Which is a bit odd, since Jean Sibelius has rarely featured in
my listening repertoire for many years (apart from the violin
concerto), and equally odd in that my listening had recently moved
away from orchestral music in favour of chamber music, and solo
instruments. Whatever: it's wall to wall Sibelius at the moment, with
all seven symphonies receiving a well-deserved airing. The second,
fifth, sixth and seventh symphonies are familiar fare, the other
three less so. My current listening is confined to LSO Live
recordings made by Colin Davis more than a decade or so ago.
The LSO knows the music backwards, the recorded sound is not bad at
all, and Davis's conducting is right for Sibelius (even if we have
him singing along with the orchestra in the fifth symphony).
In England, Thomas
Beecham espoused the cause of Sibelius early on; in the 1950s and
60s, Herbert von Karajan continued the cause, somewhat
unusually for a German; Sibelius was popular in Scandinavia, in
Russia and in Britain – perhaps also in America – but had made
little impact in Germany, and pretty well none at all in France or
Italy. Sibelius's music is music of the North, with icy winds and
freezing frost. The second and fifth symphonies have become almost
popular (a Frenchman, Pierre Monteux, made a very fine recording of
the second symphony back in 1958, again with the LSO). I grew up in
my distant teens with the sixth and seventh symphonies (Philharmonia
under von Karajan) and still have a soft spot for these two; like a
long draft of pure, cool, spring water. The earlier Sibelius
symphonies still show his debt to Tchaikovsky and the Russians; the
later symphonies are pure Nordic Sibelius. Many Beecham Sibelius
recordings are still available, as are the recordings made by von
Karajan, first with the Philharmonia, then with the Berlin
Philharmonic — I prefer the earlier Philharmonia recordings, where
von Karajan was less obsessed with pure, silky sound, and the
Philharmonia was at its peak in the 1950s with Klemperer and von
Karajan in and out of the recording studios and concert halls, all
presided over by Walter Legge. I even have a recording conducted by
Furtwängler of En Saga (1943, Berlin Philharmonic) and, in
the same year, he conducted Georg Kulenkampff in the violin concerto.

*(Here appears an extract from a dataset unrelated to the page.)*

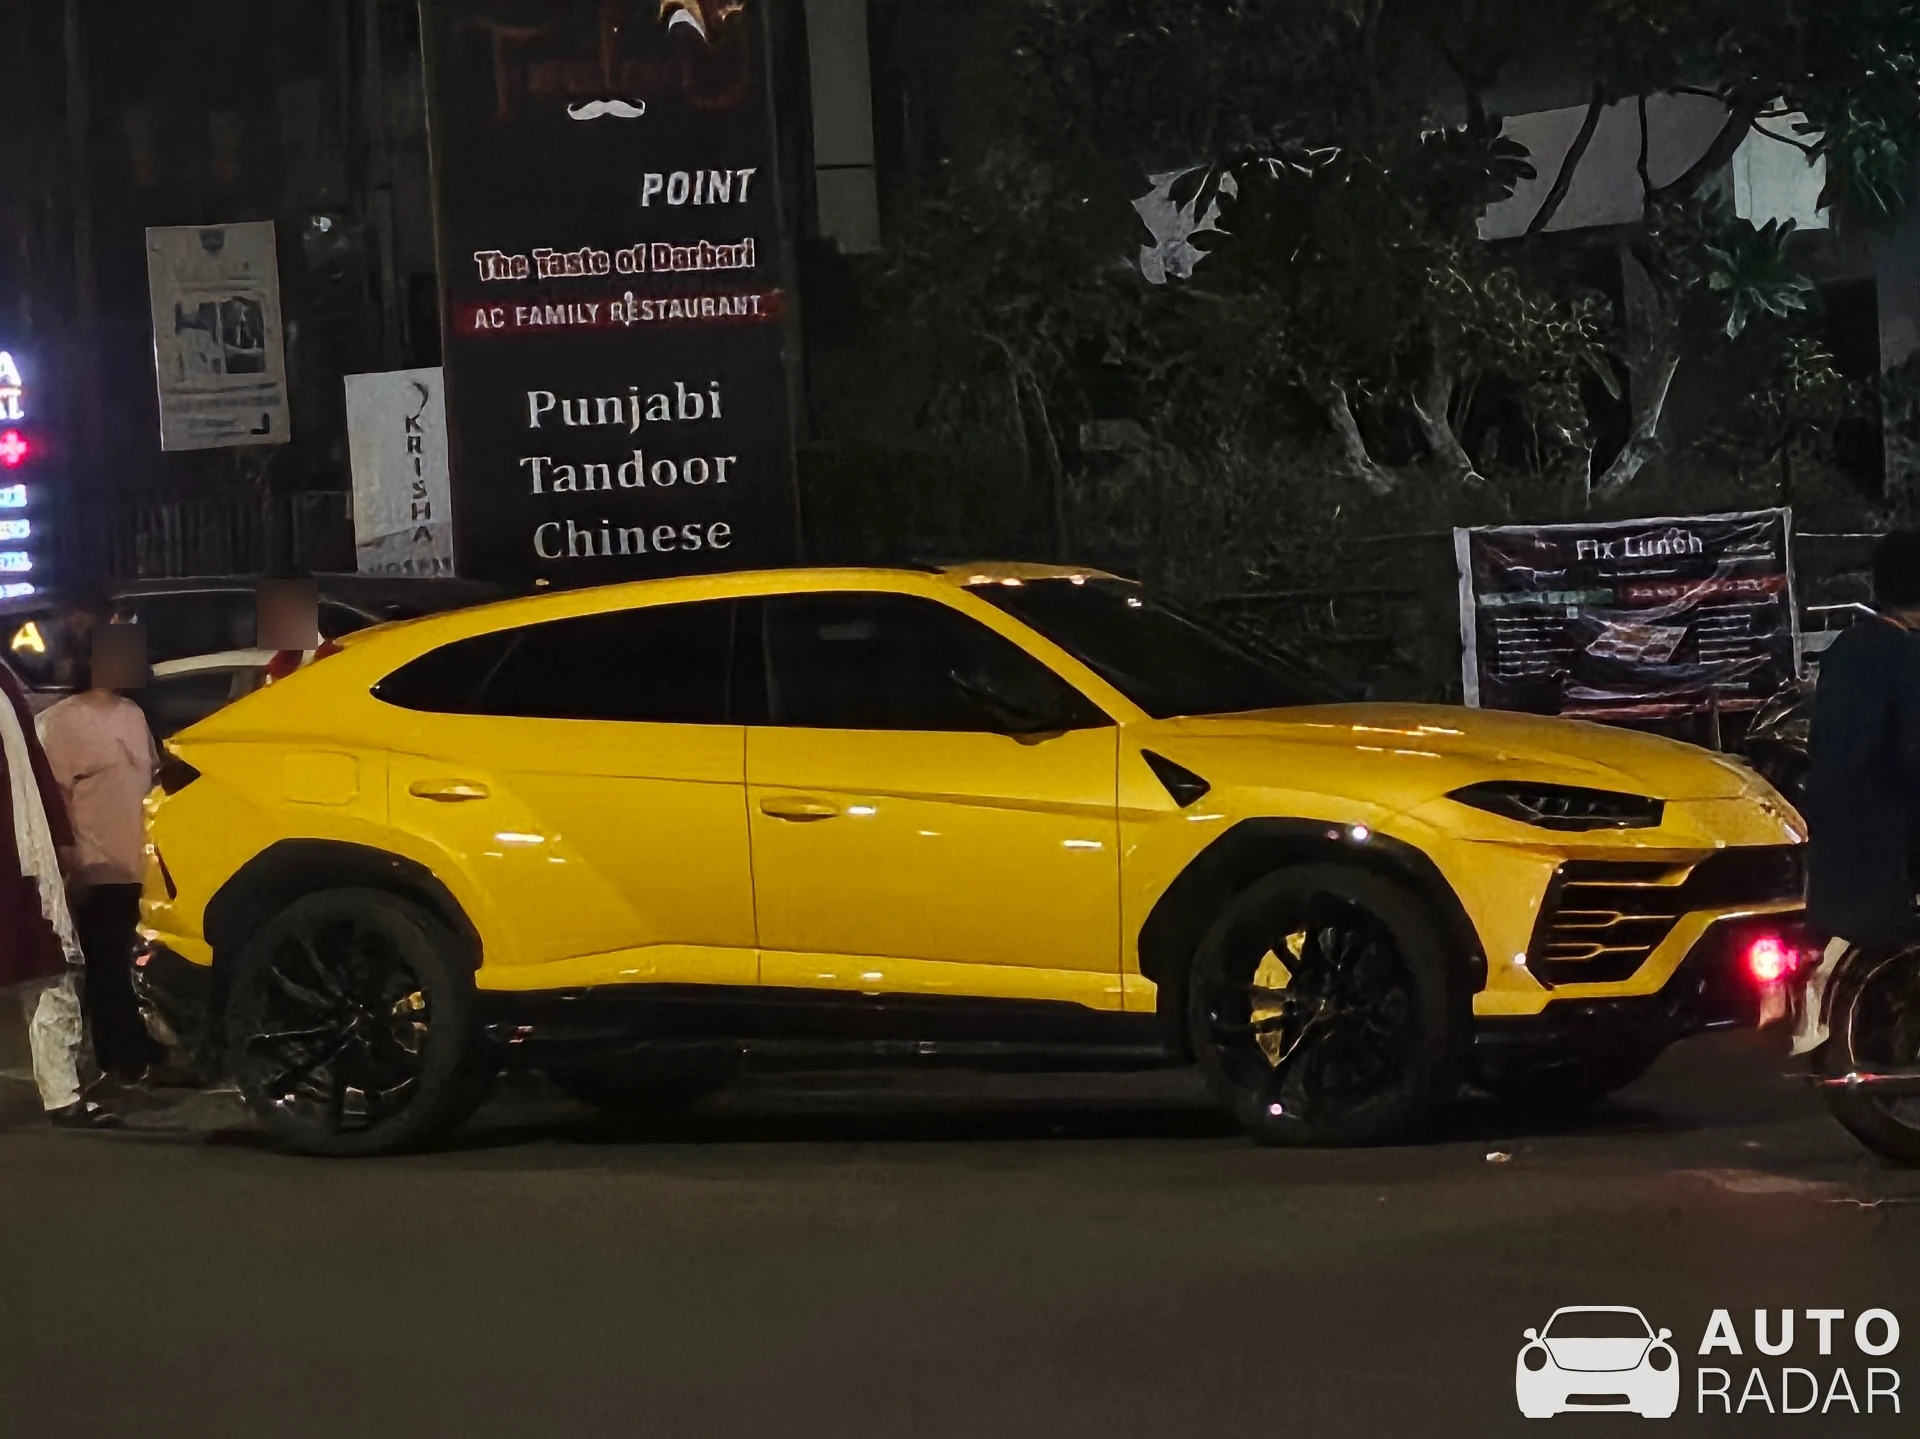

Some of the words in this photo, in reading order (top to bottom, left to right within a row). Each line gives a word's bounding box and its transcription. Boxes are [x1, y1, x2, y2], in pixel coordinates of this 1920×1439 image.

Praga Digital is currently re-issuing re-vamped transfers of the
Karajan-Philharmonia symphonies five, six, and seven. I have my name
down.
And for the violin
concerto? I have 56 different recordings, the classics being the
Heifetz and the Neveu recordings from earlier in the last century.
Pretty well every violinist that ever drew a bow has recorded the
work, which has joined the Mendelssohn and Tchaikovsky concertos at
the top of the A-list. My modern choice would probably be one of the
two recordings with Lisa Batiashvili playing. Or maybe Vadim
Repin (I have no less than six different recordings of Repin
playing this work).
Sibelius avoided the
gigantism and long-windedness that characterised much of the music at
the end of the nineteenth century and the beginning of the twentieth;
Wagner, Bruckner, Mahler and Elgar all wrote music that, arguably,
often goes on just too long. Most of Sibelius's symphonies come in
comfortably at around 30 minutes each; a good listening span. In
self-imposed musical exile after his seventh symphony, he shunned the
sterile cul-de-sac of the serialists such as Schönberg, Berg and
their acolytes, fortunately for his music and his future reputation.
My mini- Sibelius festival over, I'll nevertheless not re-shelve the
CDs but will keep them by me. I value all seven Sibelius symphonies,
even the fourth that proves that the Russians do not have a monopoly
on musical pessimism and gloom.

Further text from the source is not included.